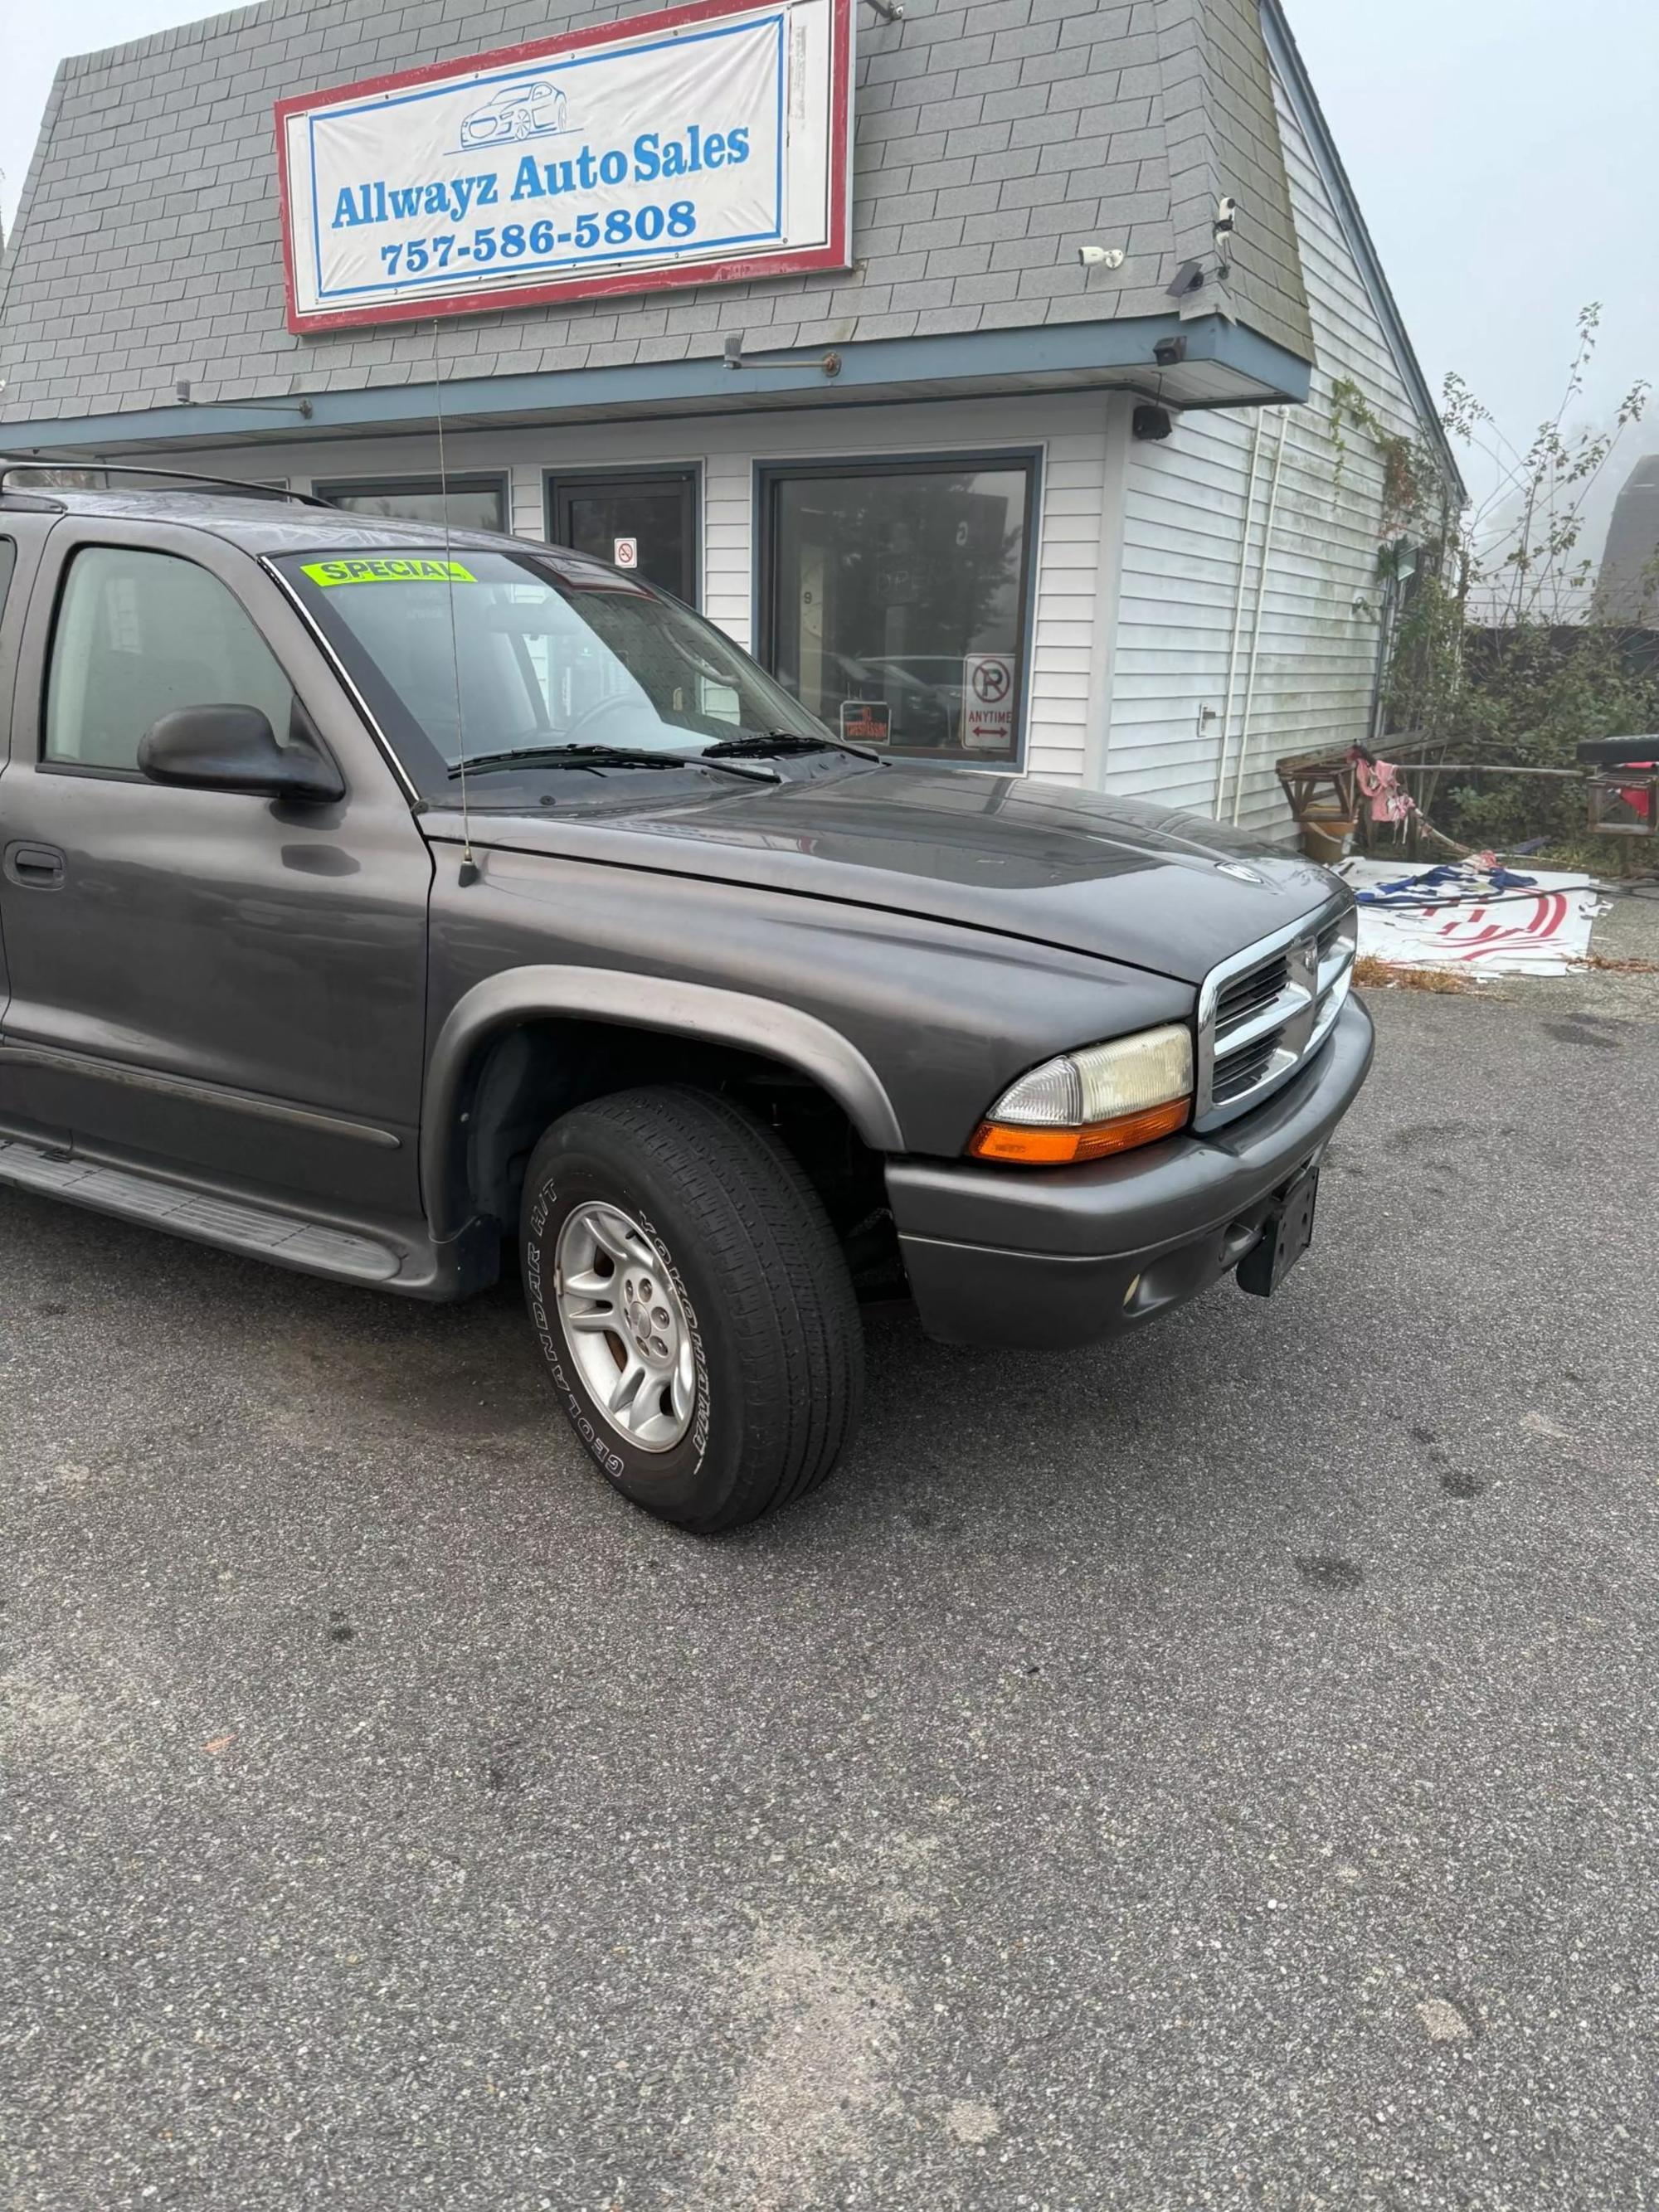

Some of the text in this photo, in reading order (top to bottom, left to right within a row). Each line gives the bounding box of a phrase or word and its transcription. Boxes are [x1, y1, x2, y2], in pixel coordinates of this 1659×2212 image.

[331, 173, 499, 229] Allwayz
[381, 200, 697, 275] 757-586-5808
[320, 561, 465, 580] SPECIAL
[968, 710, 1013, 724] ANYTIME
[528, 1241, 625, 1478] GEOLANDAR
[638, 1209, 711, 1472] YOKOHAMA
★ ★ ★
> [Task directions] With the pictures omitted, restate every entry above word for word.

> [Output of the exercise]
Some of the text in this photo, in reading order (top to bottom, left to right within a row). Each line gives the bounding box of a phrase or word and its transcription. Boxes are [x1, y1, x2, y2], in pixel coordinates of this 1659×2212 image.

[331, 173, 499, 229] Allwayz
[381, 200, 697, 275] 757-586-5808
[320, 561, 465, 580] SPECIAL
[968, 710, 1013, 724] ANYTIME
[528, 1241, 625, 1478] GEOLANDAR
[638, 1209, 711, 1472] YOKOHAMA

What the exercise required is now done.